田辺三菱製薬グループ環境安全管理推進体制
ISO14001認証取得状況

 当社グループの国内および海外の主な生産拠点ではISO14001認証あるいは自治体創設の認証制度を取得し、環境マネジメントシステムを構築・運用するとともに、その継続的改善を図っています。
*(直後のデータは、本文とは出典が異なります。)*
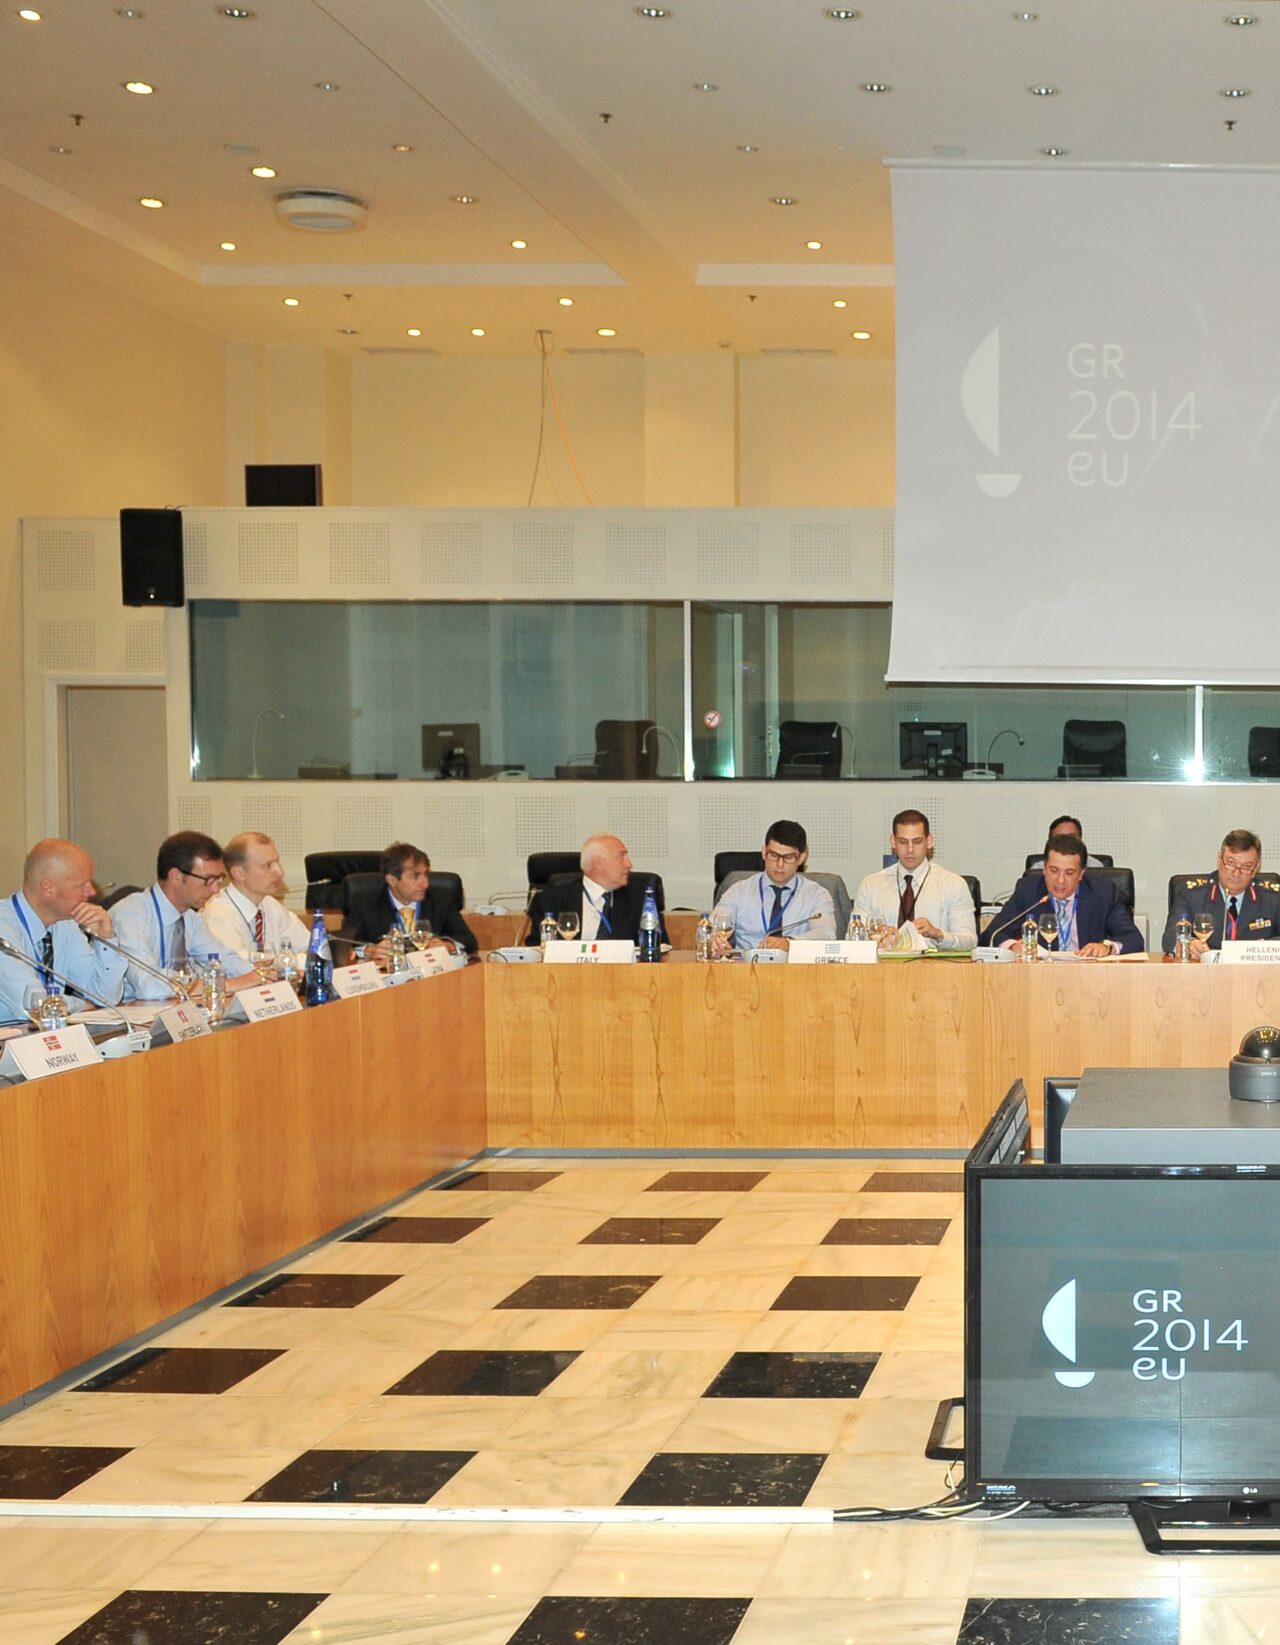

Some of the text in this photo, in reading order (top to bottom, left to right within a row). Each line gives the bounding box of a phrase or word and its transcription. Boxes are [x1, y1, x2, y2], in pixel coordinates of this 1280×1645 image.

また、研究拠点やオフィスにおいては、立地状況や事業活動に伴う環境負荷の内容に応じて適切な環境マネジメントを運用し、グループ全体で環境経営を推進しています。

ISO14001認証取得工場
会社名 事業所
田辺三菱製薬工場 小野田工場
吉富工場
ミツビシ タナベ ファーマ コリア 郷南工場
天津田辺製薬 本社工場
タナベ インドネシア バンドン工場
環境情報の対象範囲および開示データに対する第三者保証

 CSR活動報告では、当社および国内連結子会社の全拠点、ならびに海外連結子会社の生産・研究拠点を対象に環境情報を把握し開示しています。
 また、「環境負荷の全体像」の項で示す「当社グループ国内事業所におけるInputおよびOutput」の主要な環境情報、および「海外生産・研究拠点の環境パフォーマンス」については開示データの信頼性を高めるため、KPMGあずさサステナビリティ株式会社による第三者保証を受けています。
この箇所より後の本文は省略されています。